▶ **What is being asked**
Take the data below and repeat it exactly.

▶ **Data extracted from a collection**
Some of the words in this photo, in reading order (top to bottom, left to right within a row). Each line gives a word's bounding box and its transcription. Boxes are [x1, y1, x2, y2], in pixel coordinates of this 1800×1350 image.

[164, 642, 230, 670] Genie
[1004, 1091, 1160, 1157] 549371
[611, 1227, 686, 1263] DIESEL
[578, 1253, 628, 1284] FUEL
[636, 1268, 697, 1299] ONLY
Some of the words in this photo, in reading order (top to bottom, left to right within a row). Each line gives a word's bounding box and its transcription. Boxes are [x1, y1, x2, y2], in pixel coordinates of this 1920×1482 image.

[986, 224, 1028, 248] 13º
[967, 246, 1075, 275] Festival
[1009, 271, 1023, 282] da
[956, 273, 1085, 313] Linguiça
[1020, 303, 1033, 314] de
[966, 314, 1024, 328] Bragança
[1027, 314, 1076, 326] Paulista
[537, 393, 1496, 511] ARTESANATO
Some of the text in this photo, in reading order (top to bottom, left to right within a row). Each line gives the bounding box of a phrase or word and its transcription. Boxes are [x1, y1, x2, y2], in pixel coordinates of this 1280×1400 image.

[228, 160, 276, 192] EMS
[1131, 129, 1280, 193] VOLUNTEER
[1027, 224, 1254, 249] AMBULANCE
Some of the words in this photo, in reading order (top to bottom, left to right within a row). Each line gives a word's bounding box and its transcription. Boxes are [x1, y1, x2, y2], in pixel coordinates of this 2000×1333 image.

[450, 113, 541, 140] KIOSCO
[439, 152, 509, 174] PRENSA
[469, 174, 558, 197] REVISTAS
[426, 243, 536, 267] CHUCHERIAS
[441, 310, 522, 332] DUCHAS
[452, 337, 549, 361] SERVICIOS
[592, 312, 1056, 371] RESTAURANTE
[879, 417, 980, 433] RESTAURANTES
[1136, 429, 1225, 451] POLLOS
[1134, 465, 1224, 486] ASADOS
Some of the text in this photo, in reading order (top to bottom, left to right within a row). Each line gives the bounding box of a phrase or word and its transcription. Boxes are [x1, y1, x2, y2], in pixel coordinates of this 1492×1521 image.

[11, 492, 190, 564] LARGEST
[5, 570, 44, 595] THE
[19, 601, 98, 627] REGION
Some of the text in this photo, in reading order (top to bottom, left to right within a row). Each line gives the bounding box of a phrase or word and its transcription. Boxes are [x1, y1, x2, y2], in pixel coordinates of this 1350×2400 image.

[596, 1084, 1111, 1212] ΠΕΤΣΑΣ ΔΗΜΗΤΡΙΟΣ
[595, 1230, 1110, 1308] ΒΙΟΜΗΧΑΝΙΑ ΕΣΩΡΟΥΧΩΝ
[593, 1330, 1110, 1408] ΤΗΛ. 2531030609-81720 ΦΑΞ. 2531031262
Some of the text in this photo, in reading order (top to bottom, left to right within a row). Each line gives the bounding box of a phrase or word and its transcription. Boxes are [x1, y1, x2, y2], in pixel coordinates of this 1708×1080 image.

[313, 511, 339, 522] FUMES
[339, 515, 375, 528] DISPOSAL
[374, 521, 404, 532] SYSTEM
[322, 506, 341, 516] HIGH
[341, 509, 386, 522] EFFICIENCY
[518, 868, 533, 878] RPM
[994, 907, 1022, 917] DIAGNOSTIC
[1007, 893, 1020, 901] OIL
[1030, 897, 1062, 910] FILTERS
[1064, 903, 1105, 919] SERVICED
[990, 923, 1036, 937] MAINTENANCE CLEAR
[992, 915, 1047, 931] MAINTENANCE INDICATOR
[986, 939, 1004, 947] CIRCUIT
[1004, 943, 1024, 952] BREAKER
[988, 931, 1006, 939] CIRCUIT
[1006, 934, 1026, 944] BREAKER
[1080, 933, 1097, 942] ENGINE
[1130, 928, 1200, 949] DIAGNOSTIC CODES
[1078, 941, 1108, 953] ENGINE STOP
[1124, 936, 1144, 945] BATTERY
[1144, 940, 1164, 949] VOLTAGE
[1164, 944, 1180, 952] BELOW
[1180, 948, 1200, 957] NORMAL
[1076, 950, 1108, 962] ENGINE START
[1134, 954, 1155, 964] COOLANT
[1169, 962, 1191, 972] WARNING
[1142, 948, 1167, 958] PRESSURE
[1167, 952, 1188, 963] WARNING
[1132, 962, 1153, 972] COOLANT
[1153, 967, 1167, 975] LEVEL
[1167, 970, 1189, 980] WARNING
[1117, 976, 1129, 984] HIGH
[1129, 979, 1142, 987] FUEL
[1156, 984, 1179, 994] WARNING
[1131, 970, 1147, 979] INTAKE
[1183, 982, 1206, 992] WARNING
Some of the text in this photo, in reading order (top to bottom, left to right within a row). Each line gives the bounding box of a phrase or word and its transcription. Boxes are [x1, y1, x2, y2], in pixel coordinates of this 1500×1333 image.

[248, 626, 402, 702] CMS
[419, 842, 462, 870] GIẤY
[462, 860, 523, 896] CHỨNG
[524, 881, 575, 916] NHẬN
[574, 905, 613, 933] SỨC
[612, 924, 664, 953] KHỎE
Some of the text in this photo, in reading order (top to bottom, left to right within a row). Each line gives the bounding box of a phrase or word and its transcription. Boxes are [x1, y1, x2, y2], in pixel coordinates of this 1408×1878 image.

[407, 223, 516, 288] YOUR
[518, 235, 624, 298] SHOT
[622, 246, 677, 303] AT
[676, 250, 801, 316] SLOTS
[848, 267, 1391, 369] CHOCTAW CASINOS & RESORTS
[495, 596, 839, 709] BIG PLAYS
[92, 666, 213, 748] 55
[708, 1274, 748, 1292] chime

▶ **Written solution**
Some of the words in this photo, in reading order (top to bottom, left to right within a row). Each line gives a word's bounding box and its transcription. Boxes are [x1, y1, x2, y2], in pixel coordinates of this 1800×1350 image.

[164, 642, 230, 670] Genie
[1004, 1091, 1160, 1157] 549371
[611, 1227, 686, 1263] DIESEL
[578, 1253, 628, 1284] FUEL
[636, 1268, 697, 1299] ONLY
Some of the words in this photo, in reading order (top to bottom, left to right within a row). Each line gives a word's bounding box and its transcription. Boxes are [x1, y1, x2, y2], in pixel coordinates of this 1920×1482 image.

[986, 224, 1028, 248] 13º
[967, 246, 1075, 275] Festival
[1009, 271, 1023, 282] da
[956, 273, 1085, 313] Linguiça
[1020, 303, 1033, 314] de
[966, 314, 1024, 328] Bragança
[1027, 314, 1076, 326] Paulista
[537, 393, 1496, 511] ARTESANATO
Some of the text in this photo, in reading order (top to bottom, left to right within a row). Each line gives the bounding box of a phrase or word and its transcription. Boxes are [x1, y1, x2, y2], in pixel coordinates of this 1280×1400 image.

[228, 160, 276, 192] EMS
[1131, 129, 1280, 193] VOLUNTEER
[1027, 224, 1254, 249] AMBULANCE
Some of the words in this photo, in reading order (top to bottom, left to right within a row). Each line gives a word's bounding box and its transcription. Boxes are [x1, y1, x2, y2], in pixel coordinates of this 2000×1333 image.

[450, 113, 541, 140] KIOSCO
[439, 152, 509, 174] PRENSA
[469, 174, 558, 197] REVISTAS
[426, 243, 536, 267] CHUCHERIAS
[441, 310, 522, 332] DUCHAS
[452, 337, 549, 361] SERVICIOS
[592, 312, 1056, 371] RESTAURANTE
[879, 417, 980, 433] RESTAURANTES
[1136, 429, 1225, 451] POLLOS
[1134, 465, 1224, 486] ASADOS
Some of the text in this photo, in reading order (top to bottom, left to right within a row). Each line gives the bounding box of a phrase or word and its transcription. Boxes are [x1, y1, x2, y2], in pixel coordinates of this 1492×1521 image.

[11, 492, 190, 564] LARGEST
[5, 570, 44, 595] THE
[19, 601, 98, 627] REGION
Some of the text in this photo, in reading order (top to bottom, left to right within a row). Each line gives the bounding box of a phrase or word and its transcription. Boxes are [x1, y1, x2, y2], in pixel coordinates of this 1350×2400 image.

[596, 1084, 1111, 1212] ΠΕΤΣΑΣ ΔΗΜΗΤΡΙΟΣ
[595, 1230, 1110, 1308] ΒΙΟΜΗΧΑΝΙΑ ΕΣΩΡΟΥΧΩΝ
[593, 1330, 1110, 1408] ΤΗΛ. 2531030609-81720 ΦΑΞ. 2531031262
Some of the text in this photo, in reading order (top to bottom, left to right within a row). Each line gives the bounding box of a phrase or word and its transcription. Boxes are [x1, y1, x2, y2], in pixel coordinates of this 1708×1080 image.

[313, 511, 339, 522] FUMES
[339, 515, 375, 528] DISPOSAL
[374, 521, 404, 532] SYSTEM
[322, 506, 341, 516] HIGH
[341, 509, 386, 522] EFFICIENCY
[518, 868, 533, 878] RPM
[994, 907, 1022, 917] DIAGNOSTIC
[1007, 893, 1020, 901] OIL
[1030, 897, 1062, 910] FILTERS
[1064, 903, 1105, 919] SERVICED
[990, 923, 1036, 937] MAINTENANCE CLEAR
[992, 915, 1047, 931] MAINTENANCE INDICATOR
[986, 939, 1004, 947] CIRCUIT
[1004, 943, 1024, 952] BREAKER
[988, 931, 1006, 939] CIRCUIT
[1006, 934, 1026, 944] BREAKER
[1080, 933, 1097, 942] ENGINE
[1130, 928, 1200, 949] DIAGNOSTIC CODES
[1078, 941, 1108, 953] ENGINE STOP
[1124, 936, 1144, 945] BATTERY
[1144, 940, 1164, 949] VOLTAGE
[1164, 944, 1180, 952] BELOW
[1180, 948, 1200, 957] NORMAL
[1076, 950, 1108, 962] ENGINE START
[1134, 954, 1155, 964] COOLANT
[1169, 962, 1191, 972] WARNING
[1142, 948, 1167, 958] PRESSURE
[1167, 952, 1188, 963] WARNING
[1132, 962, 1153, 972] COOLANT
[1153, 967, 1167, 975] LEVEL
[1167, 970, 1189, 980] WARNING
[1117, 976, 1129, 984] HIGH
[1129, 979, 1142, 987] FUEL
[1156, 984, 1179, 994] WARNING
[1131, 970, 1147, 979] INTAKE
[1183, 982, 1206, 992] WARNING
Some of the text in this photo, in reading order (top to bottom, left to right within a row). Each line gives the bounding box of a phrase or word and its transcription. Boxes are [x1, y1, x2, y2], in pixel coordinates of this 1500×1333 image.

[248, 626, 402, 702] CMS
[419, 842, 462, 870] GIẤY
[462, 860, 523, 896] CHỨNG
[524, 881, 575, 916] NHẬN
[574, 905, 613, 933] SỨC
[612, 924, 664, 953] KHỎE
Some of the text in this photo, in reading order (top to bottom, left to right within a row). Each line gives the bounding box of a phrase or word and its transcription. Boxes are [x1, y1, x2, y2], in pixel coordinates of this 1408×1878 image.

[407, 223, 516, 288] YOUR
[518, 235, 624, 298] SHOT
[622, 246, 677, 303] AT
[676, 250, 801, 316] SLOTS
[848, 267, 1391, 369] CHOCTAW CASINOS & RESORTS
[495, 596, 839, 709] BIG PLAYS
[92, 666, 213, 748] 55
[708, 1274, 748, 1292] chime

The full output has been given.